1702190441 Pedro Piqueras Nobody knows what I plan to do and

Pedro Piqueras: “Nobody knows what I plan to do and I consider it a triumph”

It is strange to see and hear Pedro Piqueras, with the clear forehead of Pedro Piqueras and the unmistakable voice of Pedro Piqueras, in street clothes, calmly drinking a coffee at 11 a.m., and not in a suit and tie, around the Evening news broadcast on TELEVISION. We talked in the canteen of the Ateneo de Madrid and later, to his delight, the photographer photographed him in the office that Don Manuel Azaña had in the house. He still has two news programs left, I tell him as we say goodbye. He laughs and clarifies: “No, I left, from Monday to Thursday, from today until December 21st.” On that day he will offer the Telecinco editorial team “Hungarian salami, Manchego cheese” and wine to toast with his team and conclude his 50-year career in television, radio and the press. I suspect he wants it and fears it in equal measure.

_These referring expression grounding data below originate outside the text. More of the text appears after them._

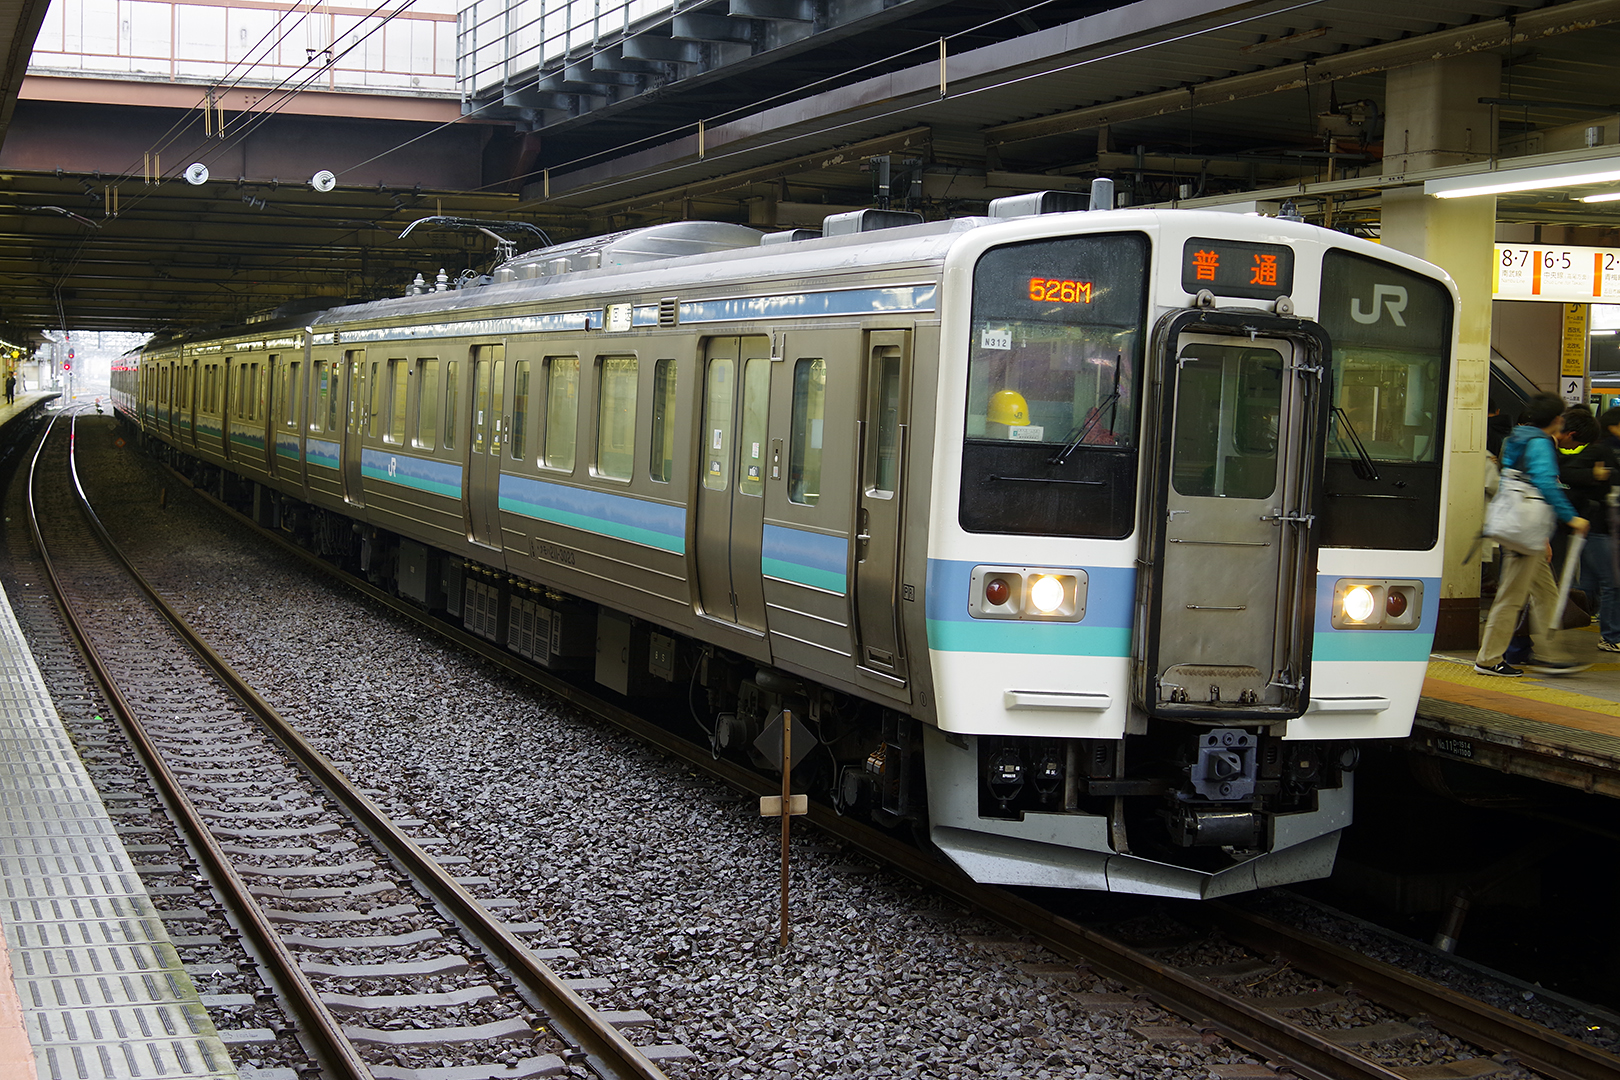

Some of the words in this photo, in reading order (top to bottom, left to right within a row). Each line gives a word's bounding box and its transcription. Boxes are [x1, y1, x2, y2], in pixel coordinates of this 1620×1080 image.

[1192, 249, 1277, 286] 普通
[1029, 277, 1092, 304] 526M
[1351, 283, 1408, 327] JR
[984, 338, 1007, 347] N312
[388, 457, 397, 477] JR

Why Hungarian? The salami, I say.

Because it is very good and because I want the best for my team, they are the best and they have been wonderful years together.

In other words, it is a “gourmet”.

Let's say I'm a pleasure seeker, I'm fatter than I'd like and I go on a diet often, but then many evenings I go to the vending machine and get a chocolate palm, the truth is that the sugar rush is good for me . The stress of life.

Why are you leaving, why now?

I've wanted to go there for two years. I noticed that my age was starting to weigh on me, as if the terrain I was walking on was changing. I no longer had the agility I had to make the quick decisions this job requires and thought about quitting. I said it on the network. They asked me to stay. Then came Ukraine, the diabolical election year, Gaza, the inauguration, and you ask yourself: How are you going to get out of there? I steered clear of responsibility until, after the investiture was decided and a new news director was appointed, I said, “It’s now or never.”

Iñaki Gabilondo He retired at 80 because he was “bored” of listening to himself. Do you understand?

I will use a bullfighting analogy. I'm like the bullfighters at the end of the season: I'm stuck. They don't know whether to fight with the left or with the right, they do everything right, by profession, but at some point they know that they have to stop. Plus, I've been doing the same thing for 34 years: going out at 10 p.m. without having a social life. I am 68 years old. Not everything is work.

They say, that Borja Prado, outgoing president of Mediaset, wanted to go into the kitchen to politically influence the channel's content. Do you know?

He never entered my kitchen. I'll leave it at that.

His colleagues give sermons every evening. How editorial?

I don't edit. I am not a preacher of the gospel, but a channel, a narrator of what is happening. I never stand next to anyone, it's important to keep my distance. I learned factual journalism at a young age on Spanish television. And from my teacher Jesús Hermida, who shouldn't raise one eyebrow higher than the other: from him who couldn't stop moving his bangs. Of course I have my ideas, I'm progressive, but I only give my opinion when undemocratic boundaries are crossed. Nobody knows what I'm about. There are still those who ask me to my face and I consider it a triumph.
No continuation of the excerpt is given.